> _TASK PROMPT_:
Each entry should be set down again verbatim, with the images omitted.

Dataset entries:
====

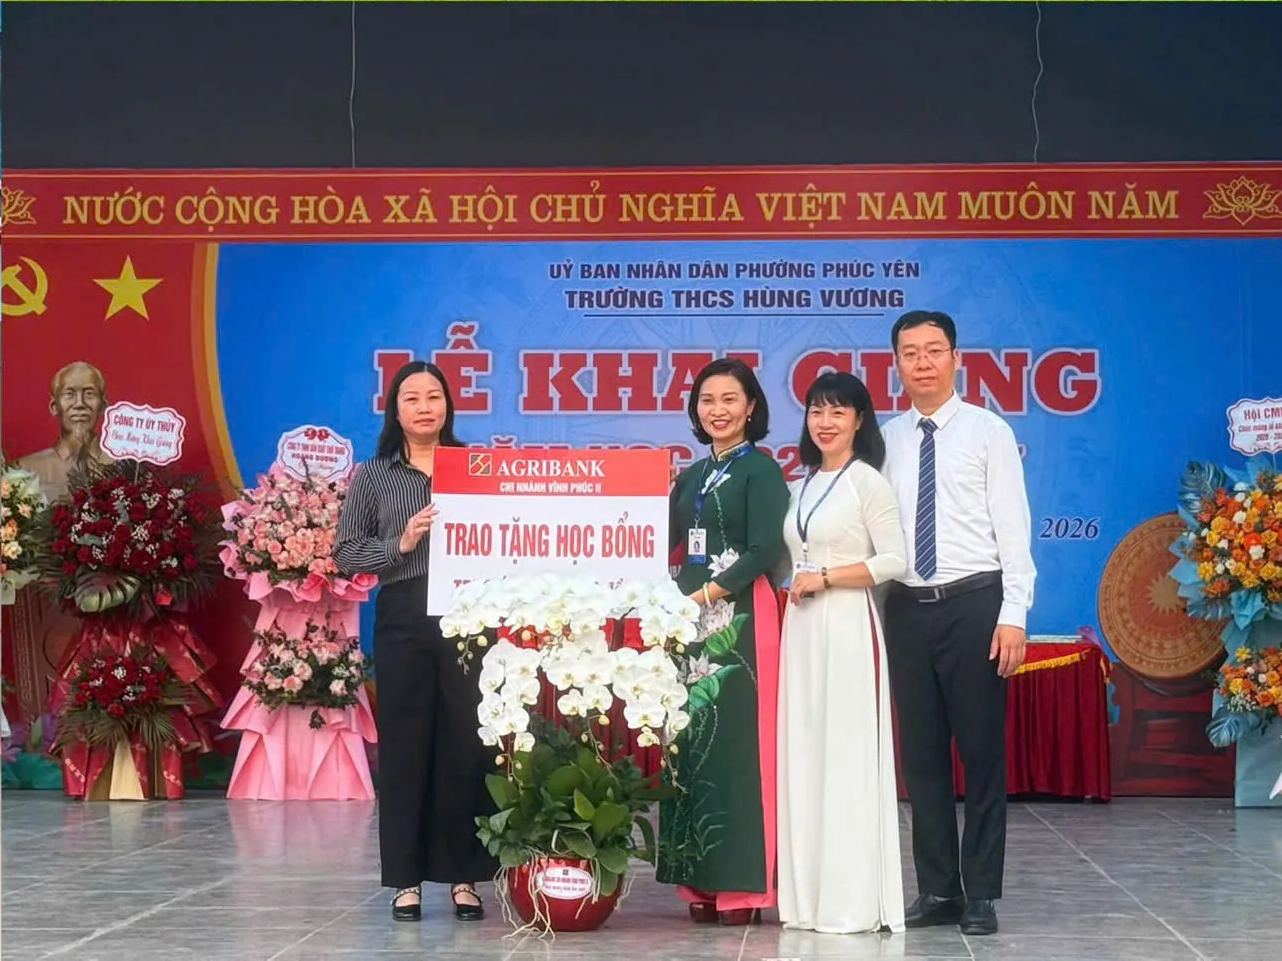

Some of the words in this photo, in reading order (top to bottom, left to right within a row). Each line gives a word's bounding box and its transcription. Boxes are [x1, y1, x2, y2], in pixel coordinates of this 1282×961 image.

[63, 191, 165, 225] NƯỚC
[175, 187, 280, 233] CỘNG
[291, 186, 372, 225] HÒA
[382, 188, 437, 223] XÃ
[448, 185, 517, 230] HỘI
[530, 180, 607, 223] CHỦ
[619, 186, 744, 222] NGHĨA
[755, 182, 846, 229] VIỆT
[856, 191, 948, 221] NAM
[957, 181, 1075, 220] MUÔN
[1087, 181, 1179, 218] NĂM
[548, 259, 575, 280] UỶ
[579, 264, 620, 280] BAN
[627, 260, 682, 279] NHÂN
[688, 260, 730, 279] DÂN
[736, 259, 815, 279] PHƯỜNG
[822, 258, 876, 279] PHÚC
[882, 258, 919, 278] YÊN
[565, 285, 663, 310] TRƯỜNG
[672, 289, 735, 309] THCS
[742, 285, 811, 309] HÙNG
[820, 287, 904, 308] VƯƠNG
[113, 413, 134, 427] CÔNG
[1244, 408, 1261, 421] HỘI
[496, 459, 605, 477] AGRIBANK
[500, 482, 516, 492] CHI
[517, 481, 546, 493] NHÁNH
[548, 481, 568, 493] VĨNH
[570, 481, 594, 493] PHÚC
[444, 523, 492, 556] TRAO
[499, 517, 549, 564] TẶNG
[556, 524, 594, 565] HỌC
[601, 511, 655, 558] BỔNG
[1040, 518, 1099, 538] 2026

====

> _SOLUTION_:
Some of the words in this photo, in reading order (top to bottom, left to right within a row). Each line gives a word's bounding box and its transcription. Boxes are [x1, y1, x2, y2], in pixel coordinates of this 1282×961 image.

[63, 191, 165, 225] NƯỚC
[175, 187, 280, 233] CỘNG
[291, 186, 372, 225] HÒA
[382, 188, 437, 223] XÃ
[448, 185, 517, 230] HỘI
[530, 180, 607, 223] CHỦ
[619, 186, 744, 222] NGHĨA
[755, 182, 846, 229] VIỆT
[856, 191, 948, 221] NAM
[957, 181, 1075, 220] MUÔN
[1087, 181, 1179, 218] NĂM
[548, 259, 575, 280] UỶ
[579, 264, 620, 280] BAN
[627, 260, 682, 279] NHÂN
[688, 260, 730, 279] DÂN
[736, 259, 815, 279] PHƯỜNG
[822, 258, 876, 279] PHÚC
[882, 258, 919, 278] YÊN
[565, 285, 663, 310] TRƯỜNG
[672, 289, 735, 309] THCS
[742, 285, 811, 309] HÙNG
[820, 287, 904, 308] VƯƠNG
[113, 413, 134, 427] CÔNG
[1244, 408, 1261, 421] HỘI
[496, 459, 605, 477] AGRIBANK
[500, 482, 516, 492] CHI
[517, 481, 546, 493] NHÁNH
[548, 481, 568, 493] VĨNH
[570, 481, 594, 493] PHÚC
[444, 523, 492, 556] TRAO
[499, 517, 549, 564] TẶNG
[556, 524, 594, 565] HỌC
[601, 511, 655, 558] BỔNG
[1040, 518, 1099, 538] 2026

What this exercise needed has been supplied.